Beginning with the line that contains "this 1344×1512 image.", restate each line below through the final one exactly, and exclude the pictures.

====== EXCERPTED DATA ======

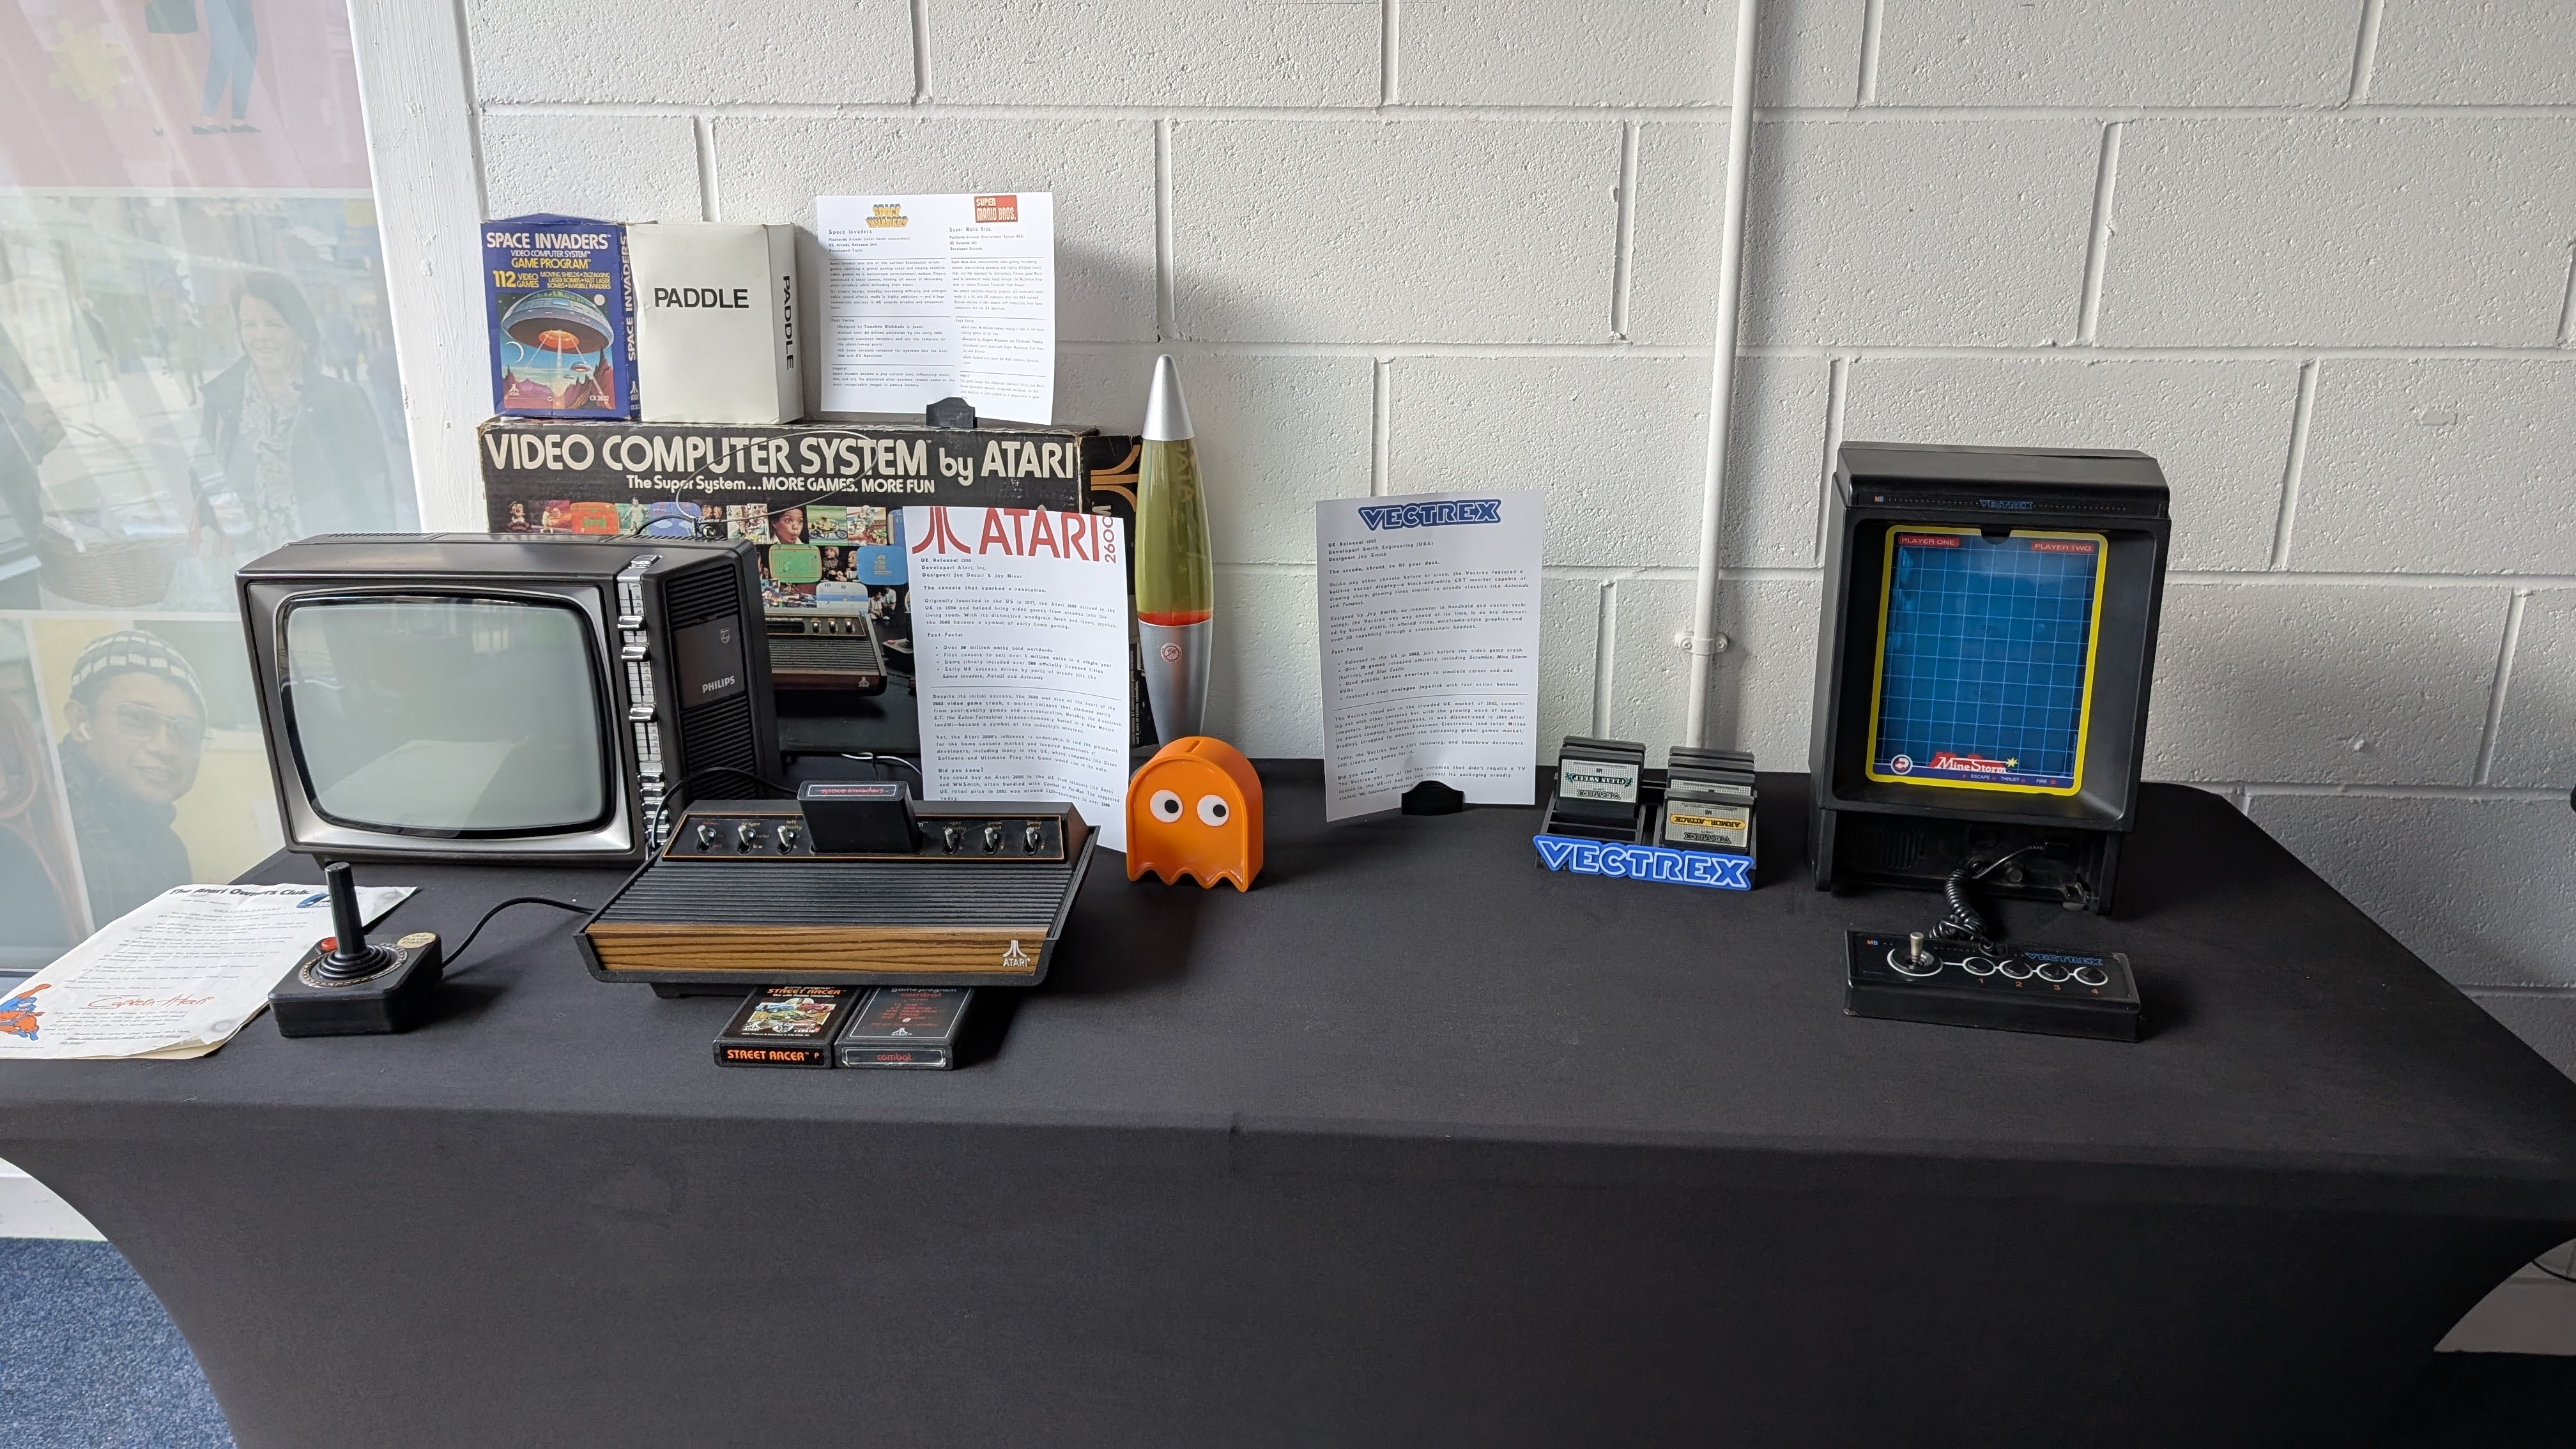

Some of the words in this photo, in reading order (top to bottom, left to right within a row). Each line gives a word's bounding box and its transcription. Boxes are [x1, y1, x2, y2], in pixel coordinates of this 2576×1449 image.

[976, 197, 996, 206] SUPER
[873, 203, 901, 217] SPACE
[976, 207, 997, 221] MARIO
[998, 207, 1016, 220] BROS.
[486, 232, 530, 249] SPACE
[512, 258, 539, 268] GAME
[540, 259, 588, 269] PROGRAM
[493, 270, 516, 288] 112
[654, 288, 749, 309] PADDLE
[783, 275, 794, 371] PADDLE
[626, 317, 636, 361] SPACE
[485, 434, 594, 471] VIDEO
[603, 435, 790, 474] COMPUTER
[801, 438, 928, 476] SYSTEM
[939, 448, 973, 486] by
[981, 440, 1073, 479] ATARI
[626, 475, 652, 489] The
[654, 476, 693, 493] Super
[807, 477, 858, 493] GAMES.
[862, 479, 904, 493] MORE
[907, 480, 935, 494] FUN
[1980, 499, 2033, 509] VECTREX
[1359, 500, 1501, 530] VECTREX
[979, 507, 1100, 562] ATARI
[1101, 514, 1116, 564] 2600
[703, 675, 735, 693] PHILIPS
[1577, 789, 1621, 799] VECTREX
[1675, 816, 1705, 825] ATTACK
[1683, 832, 1731, 844] VECTREX
[1535, 837, 1752, 889] VECTREX
[229, 888, 279, 896] Owners
[1003, 958, 1027, 967] ATARI
[2024, 952, 2103, 965] VECTREX
[88, 997, 155, 1008] Captain
[158, 993, 215, 1008] Atari
[727, 1049, 767, 1060] STREET
[769, 1050, 805, 1061] RACER
[877, 1052, 912, 1062] combat
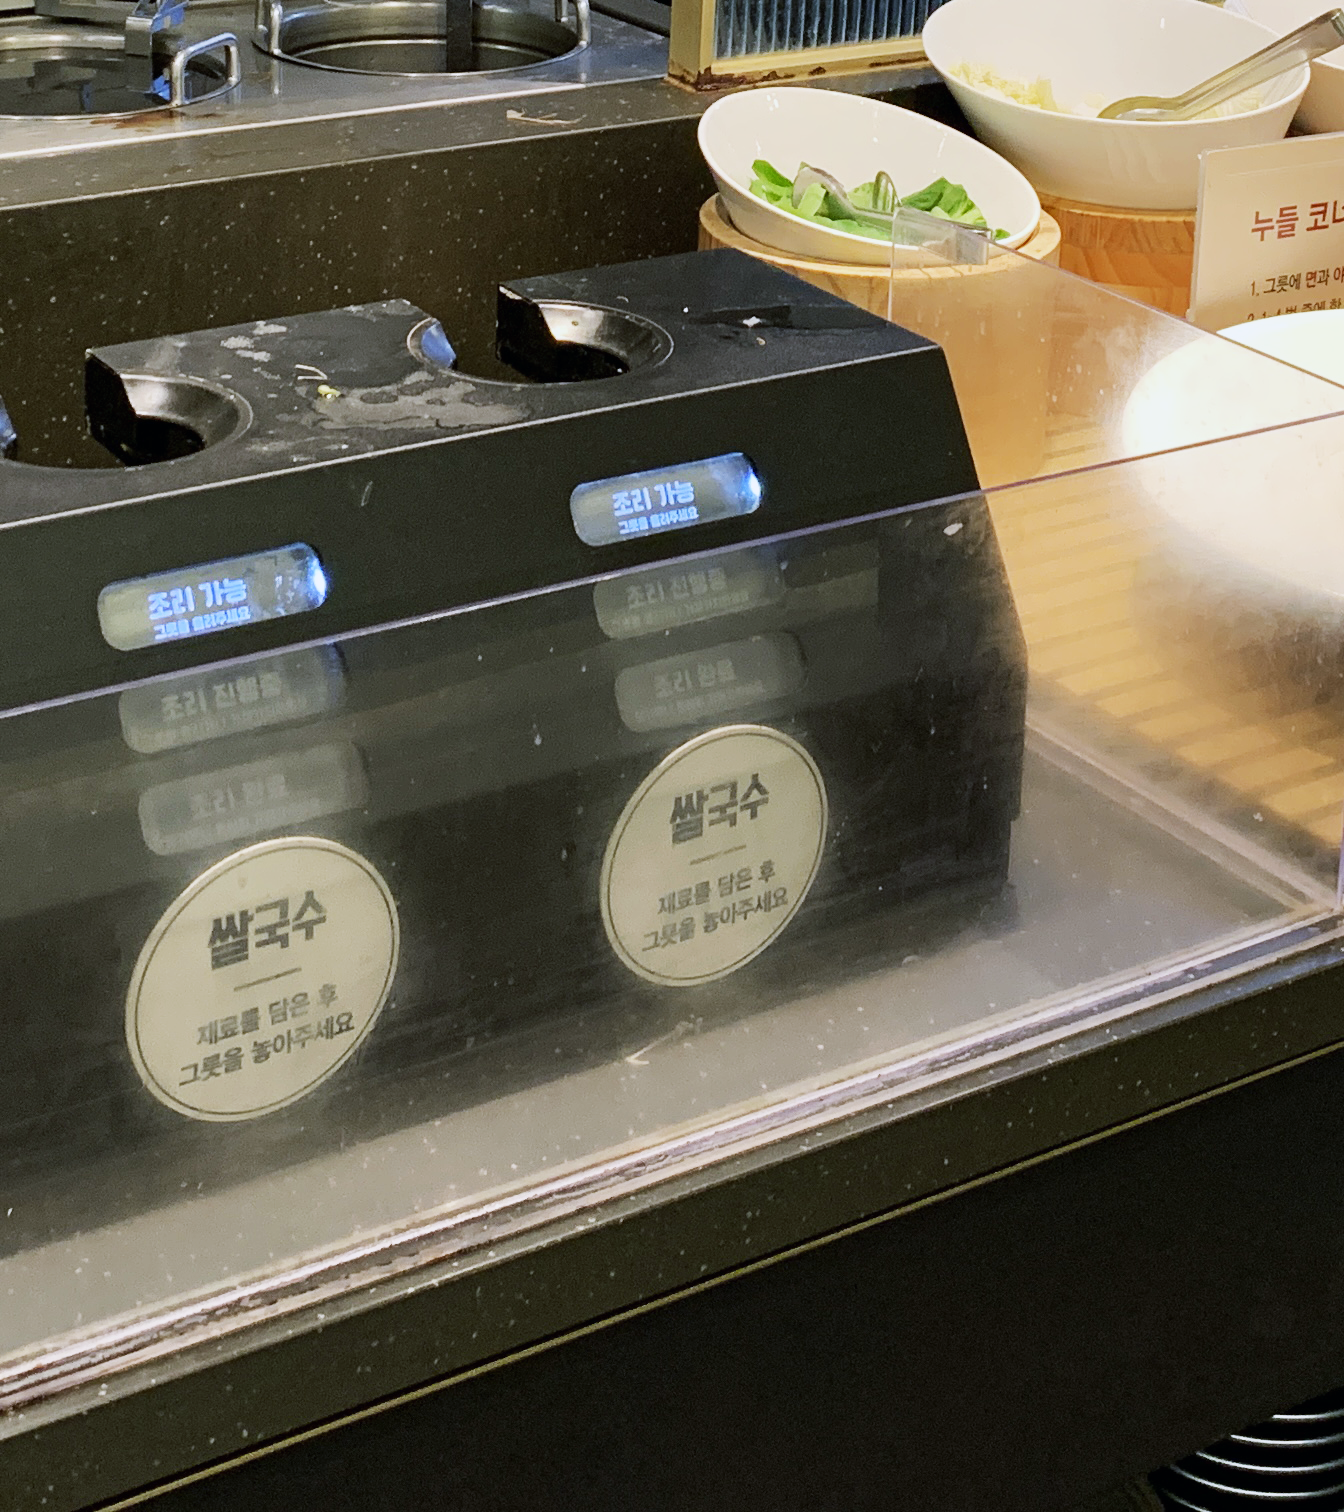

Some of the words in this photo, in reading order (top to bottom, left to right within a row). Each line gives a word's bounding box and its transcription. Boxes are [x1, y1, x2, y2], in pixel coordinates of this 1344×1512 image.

[1251, 205, 1299, 242] 누들
[1263, 273, 1302, 294] 그릇에
[1305, 268, 1330, 289] 면과
[612, 487, 652, 517] 조리
[653, 480, 695, 507] 가능
[147, 585, 196, 621] 조리
[197, 578, 248, 608] 가능
[669, 772, 771, 846] 쌀국수
[657, 880, 712, 916] 재료를
[718, 867, 754, 898] 담은
[757, 858, 777, 884] 후
[207, 889, 328, 970] 쌀국수
[641, 916, 697, 952] 그릇을
[703, 886, 790, 934] 놓아주세요
[196, 1006, 262, 1046] 재료를
[268, 991, 311, 1026] 담은
[318, 982, 339, 1008] 후
[178, 1046, 244, 1087] 그릇을
[251, 1011, 356, 1065] 놓아주세요
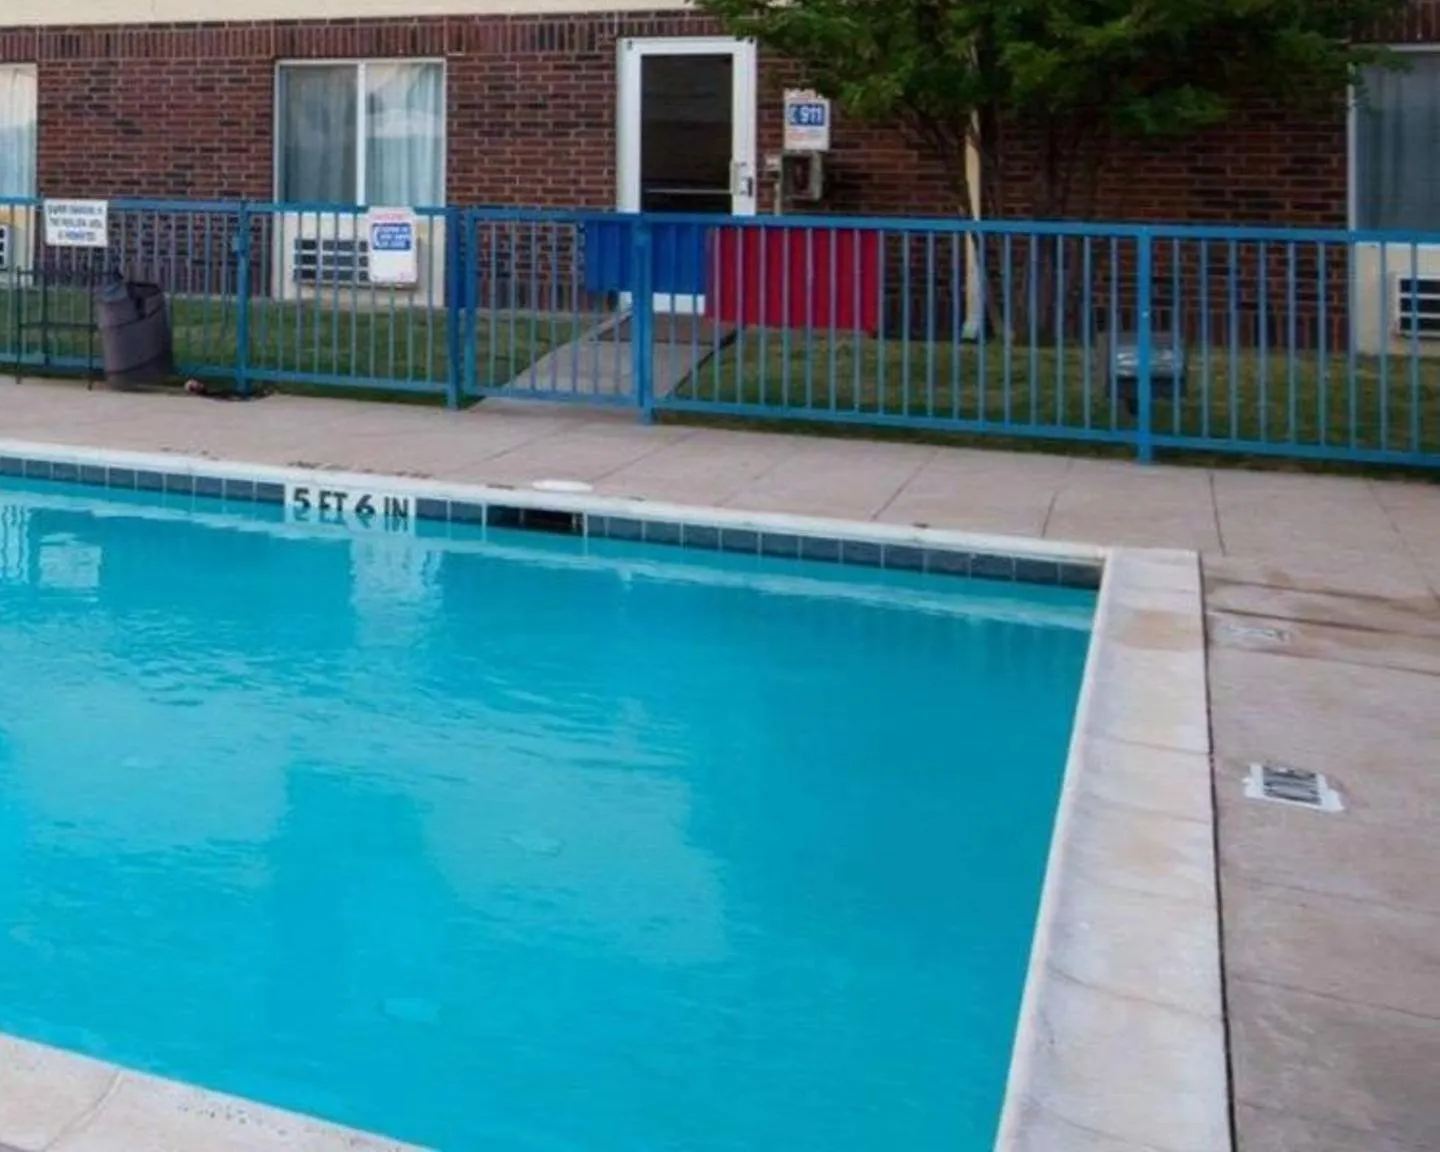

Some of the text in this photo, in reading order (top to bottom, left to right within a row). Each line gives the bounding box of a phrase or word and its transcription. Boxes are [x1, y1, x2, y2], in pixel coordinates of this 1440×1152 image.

[799, 106, 823, 123] 911
[293, 487, 409, 518] 5 FT 6 IN

======

■ ANSWER ■
Some of the words in this photo, in reading order (top to bottom, left to right within a row). Each line gives a word's bounding box and its transcription. Boxes are [x1, y1, x2, y2], in pixel coordinates of this 1344×1512 image.

[1251, 205, 1299, 242] 누들
[1263, 273, 1302, 294] 그릇에
[1305, 268, 1330, 289] 면과
[612, 487, 652, 517] 조리
[653, 480, 695, 507] 가능
[147, 585, 196, 621] 조리
[197, 578, 248, 608] 가능
[669, 772, 771, 846] 쌀국수
[657, 880, 712, 916] 재료를
[718, 867, 754, 898] 담은
[757, 858, 777, 884] 후
[207, 889, 328, 970] 쌀국수
[641, 916, 697, 952] 그릇을
[703, 886, 790, 934] 놓아주세요
[196, 1006, 262, 1046] 재료를
[268, 991, 311, 1026] 담은
[318, 982, 339, 1008] 후
[178, 1046, 244, 1087] 그릇을
[251, 1011, 356, 1065] 놓아주세요

Some of the text in this photo, in reading order (top to bottom, left to right within a row). Each line gives the bounding box of a phrase or word and its transcription. Boxes are [x1, y1, x2, y2], in pixel coordinates of this 1440×1152 image.

[799, 106, 823, 123] 911
[293, 487, 409, 518] 5 FT 6 IN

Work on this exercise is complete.